▶ Dataset records:
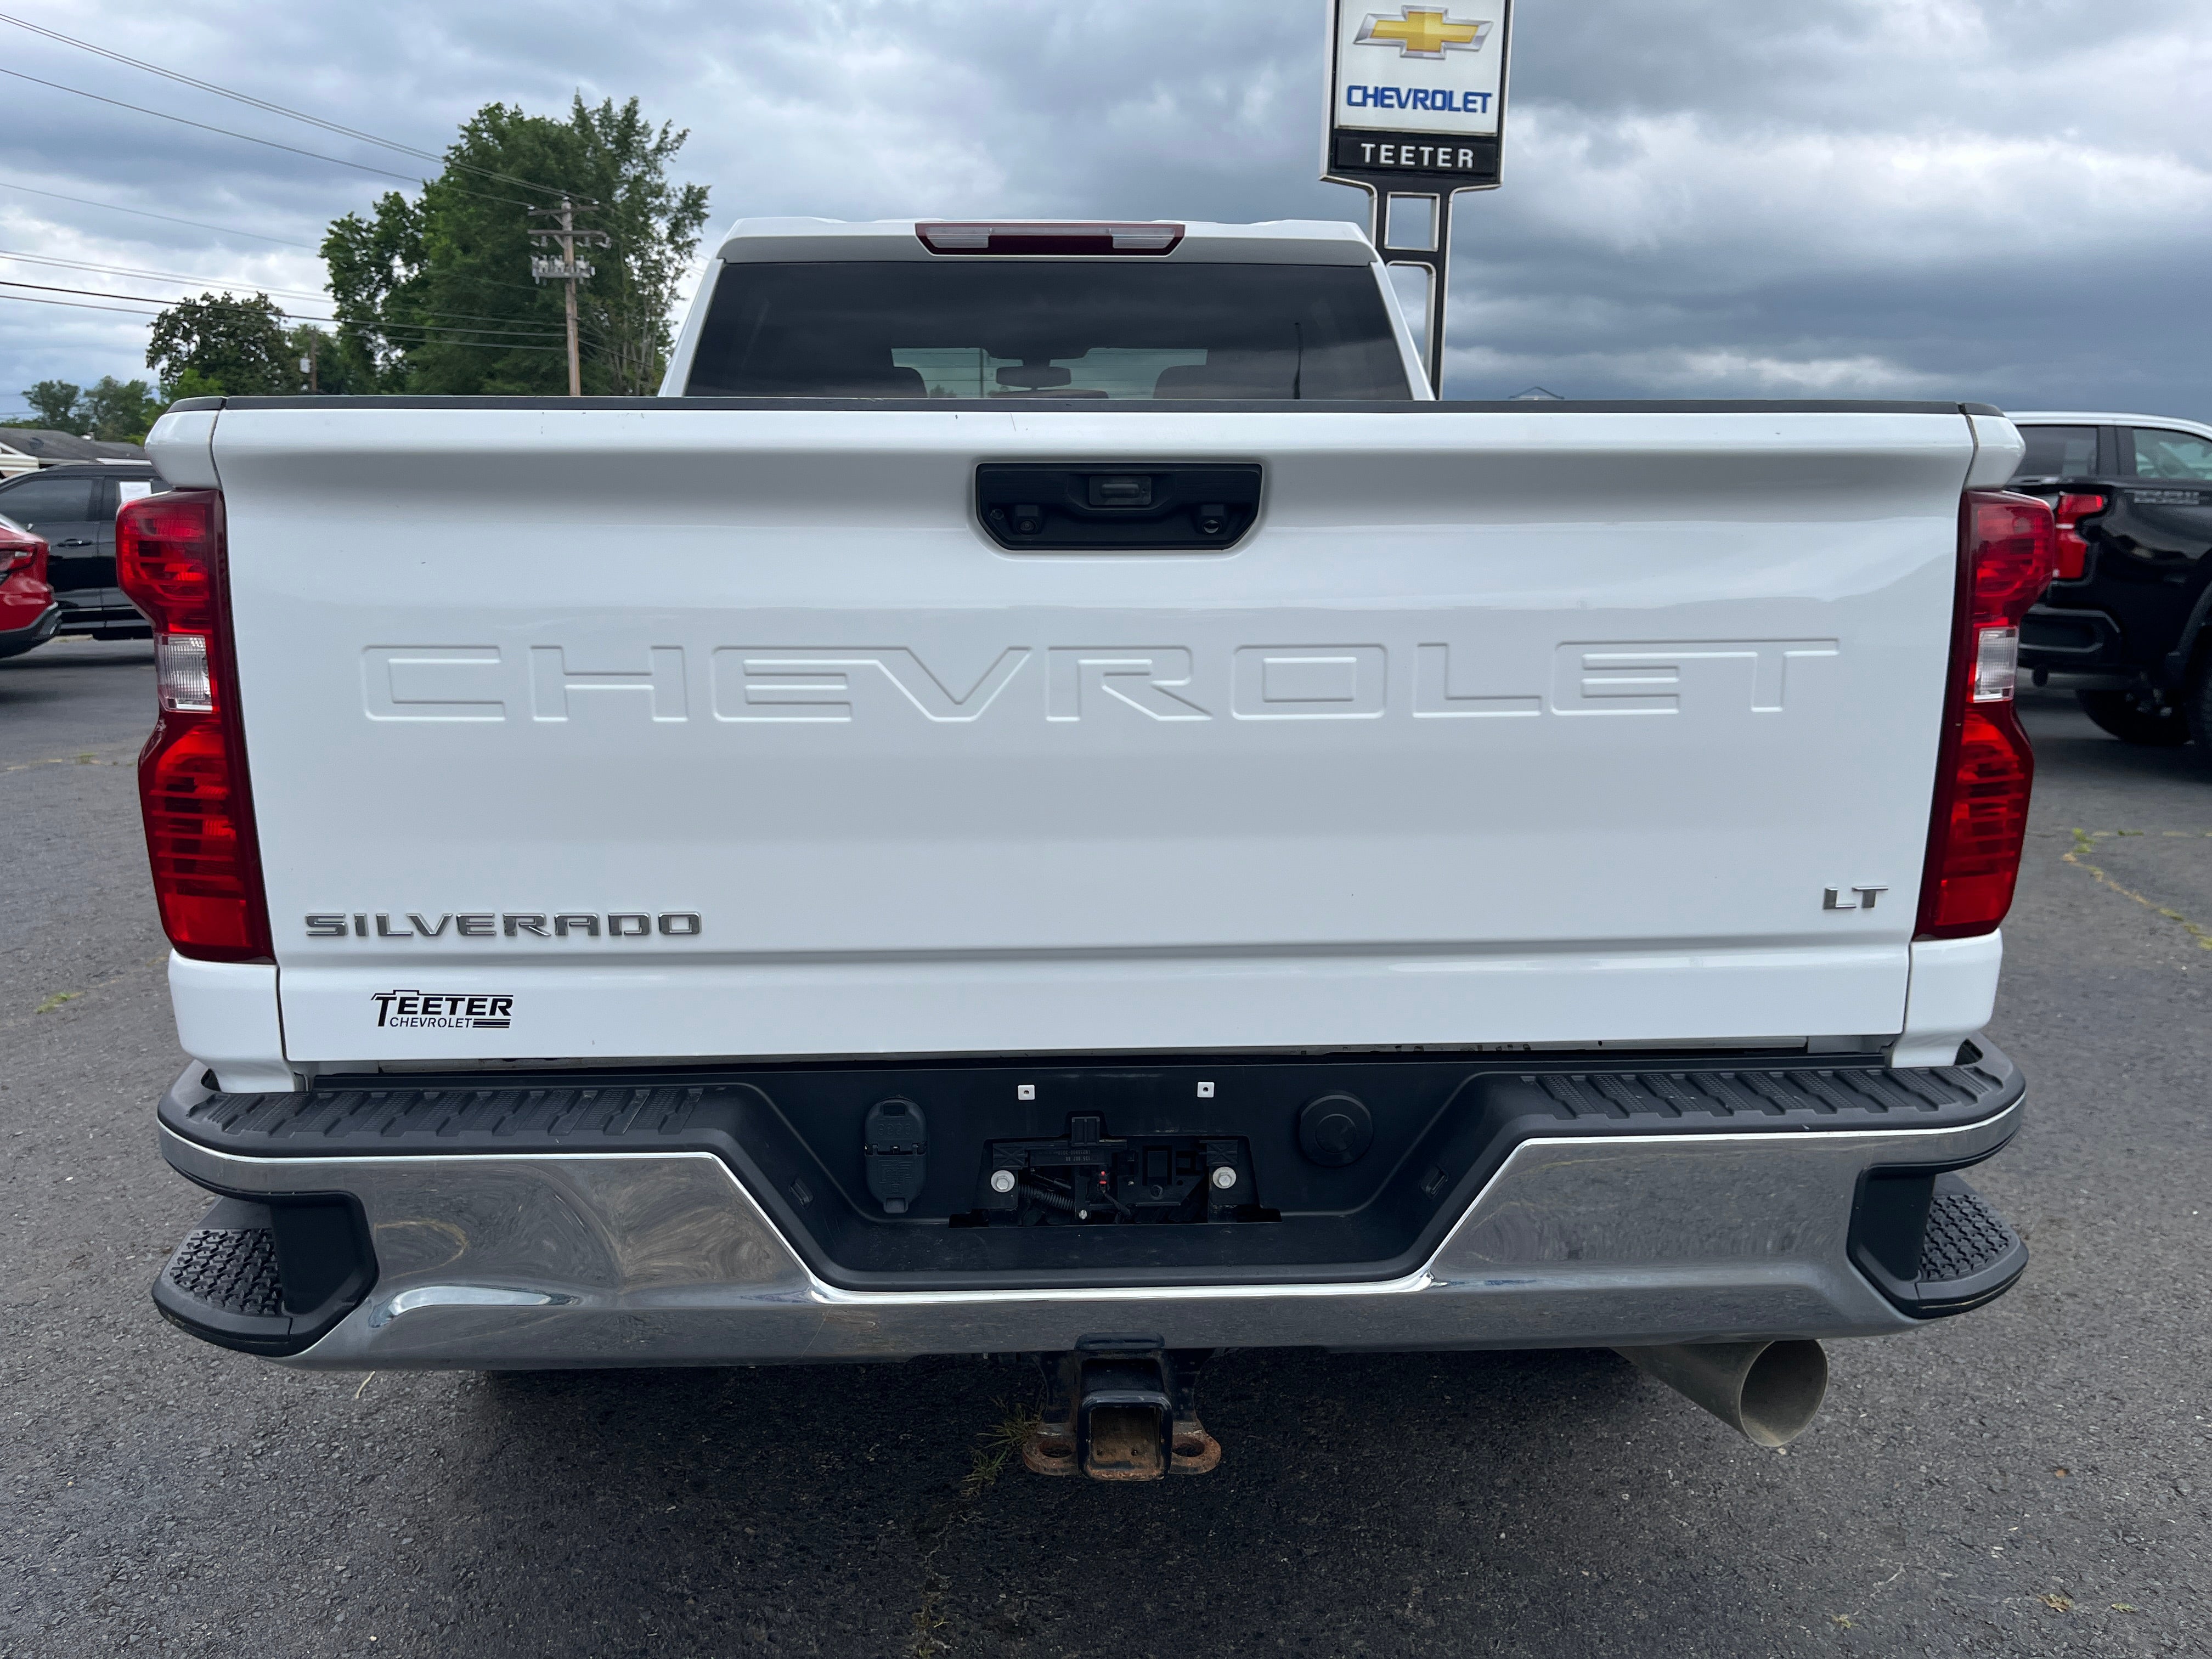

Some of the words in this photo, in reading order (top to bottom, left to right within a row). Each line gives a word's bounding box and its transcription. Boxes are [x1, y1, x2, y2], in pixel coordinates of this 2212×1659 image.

[1346, 84, 1493, 114] CHEVROLET
[1360, 143, 1474, 169] TEETER
[362, 637, 1839, 721] CHEVROLET
[1823, 885, 1889, 910] LT
[304, 911, 702, 938] SILVERADO
[375, 996, 513, 1027] TEETER
[390, 1017, 472, 1028] CHEVROLET

▶ Your assignment:
Retype the listing above exactly, please. Pictures do not belong in the copy.

▶ Solution:
Some of the words in this photo, in reading order (top to bottom, left to right within a row). Each line gives a word's bounding box and its transcription. Boxes are [x1, y1, x2, y2], in pixel coordinates of this 2212×1659 image.

[1346, 84, 1493, 114] CHEVROLET
[1360, 143, 1474, 169] TEETER
[362, 637, 1839, 721] CHEVROLET
[1823, 885, 1889, 910] LT
[304, 911, 702, 938] SILVERADO
[375, 996, 513, 1027] TEETER
[390, 1017, 472, 1028] CHEVROLET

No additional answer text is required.